Dalam SOP, pendampingan dilakukan selama enam bulan. Setelahnya, ada monitoring. Bagaimana keberadaannya, ada masalah atau enggak; lalu ada evaluasi; kemudian closing, diputuskan pendampingan selesai.

Soal deportan yang kembali ke jaringan teror, apakah ada lagi?

Yang deportan itu ada Tomi Gunawan, Anggi Indah Kusuna. Waktu dipulangkan, kami tidak sempat melakukan pendampingan. Waktu dipulangkan, dia [Anggi] melarikan diri. Menghilangkan jejak. Kemudian ada kabar dia sudah ditangkap di Bandung. Anggi itu direncanakan sebagai pengantin (bom bunuh diri).

Apakah deportan ini lebih radikal dibanding returnee?

Relatif. Tidak selalu. Pengalaman yang kemarin, returnee memang menurut mereka motivasinya bukan ideologi, tapi religius. Jadi ingin tinggal di negeri Syam (Suriah). Tapi, kenyataan di lapangan, tidak sebagaimana janji-janji surga ISIS. Menurut mereka, empat bulan mereka tinggal di sana, mereka ingin kembali, tapi dilarang. Mereka berkata, pihak lelaki disuruh perang dan sempat ditahan di penjara ISIS.

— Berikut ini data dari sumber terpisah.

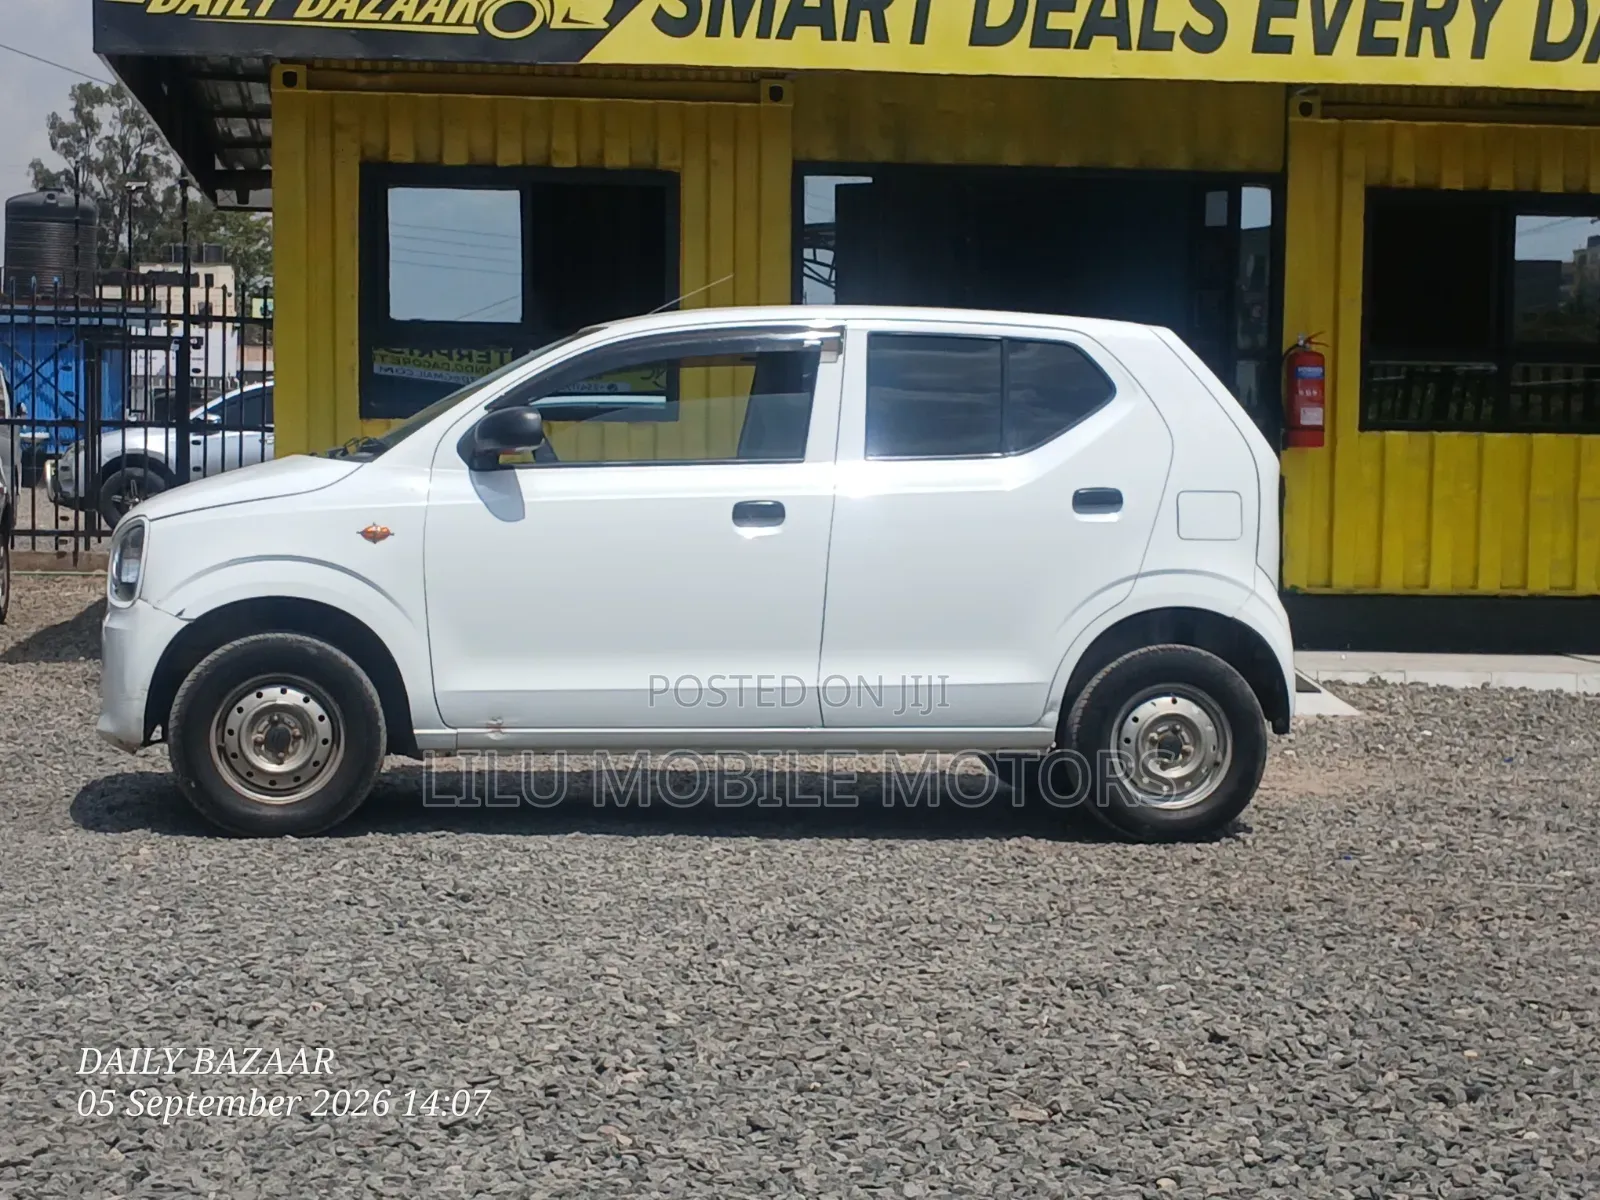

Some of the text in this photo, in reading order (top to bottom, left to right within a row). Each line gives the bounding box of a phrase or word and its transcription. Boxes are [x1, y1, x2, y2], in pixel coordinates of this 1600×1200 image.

Mereka akhirnya coba melarikan diri, tapi gagal. Akhirnya, mereka mendapat mediator dan mereka aman. Mereka diarahkan ke kamp pengungsi. Di situlah mereka dijemput pemerintah dan dipulangkan.

Dengan pengalaman itu, mereka merasa tertipu. Proses reintegrasi mereka sangat mudah. Mereka semangat lagi mau hidup baru, mau bersusah payah [kembali lagi ke masyarakat].

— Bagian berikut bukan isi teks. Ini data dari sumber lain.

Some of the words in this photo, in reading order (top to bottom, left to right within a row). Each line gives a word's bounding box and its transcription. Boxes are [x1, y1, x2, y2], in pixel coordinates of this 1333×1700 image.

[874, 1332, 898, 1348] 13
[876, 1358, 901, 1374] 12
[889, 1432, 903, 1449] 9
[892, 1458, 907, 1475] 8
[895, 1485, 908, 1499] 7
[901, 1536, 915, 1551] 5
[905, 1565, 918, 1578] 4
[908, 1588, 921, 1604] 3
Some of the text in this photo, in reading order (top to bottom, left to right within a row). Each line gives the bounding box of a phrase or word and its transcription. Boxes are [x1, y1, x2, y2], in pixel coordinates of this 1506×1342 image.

Ini berbeda dari deportan. Deportan belum sampai [masuk Suriah] dan mereka masih [penasaran]. Ketika ditanya apakah mereka ingin kembali, 90 persen menjawab ingin kembali.

Berapa deportan pergi ke Suriah lewat jaringan dan tanpa koneksi sama sekali?

Pasti ada koneksi. Semua terorganisir. Ada yang membiayai, ada yang memastikan tempat di sana, ada yang memastikan penyeberangan. Kami tahu jejaring ISIS itu ada, tetapi kami tidak tahu wujudnya seperti apa, dan siapa mereka dan apa yang mereka lakukan, kecuali intelijen.

Kelompok deportan ini mewujudkan soal jejaring ISIS yang tumbuh dan berkembang. Mereka ada karena proses rekrutmen, ada karena proses yang terorganisir, dan itu menjadi entry point kami untuk mengetahui jejaring mereka yang lebih dalam. Tapi itu bukan ranahnya civil society; kami hanya urusan kemanusiaan.

Kebanyakan dari deportan ini didanai atau mendanai sendiri ke Suriah?

Campur. Yang pasti, mereka punya modal untuk beli tiket. Sebetulnya yang perlu ditanyakan: mereka tinggal di Turki selama dua tahun itu dapat dari mana bisa tinggal di sana? Berarti ada yang mem-backup. Maksudnya, tidak mungkin hanya dengan menjual rumah di kampung. Tapi ada juga yang didanai dan ada juga yang mampu.

Di mana lokasi para deportan?

Kebanyakan di Jawa Barat; kedua di Jawa Tengah; ketiga di Jawa Timur; keempat di Sumatera.

Sebelum periode pemulangan 2017, apakah ada pemulangan lagi?

Sebelum 2017 itu ada pemulangan, tapi tidak ada pendampingan. Itu tahun 2015 dan 2016.

Dalam RUU Terorisme, dibahas juga terkait penangkapan para deportan, apakah ini menyelesaikan masalah?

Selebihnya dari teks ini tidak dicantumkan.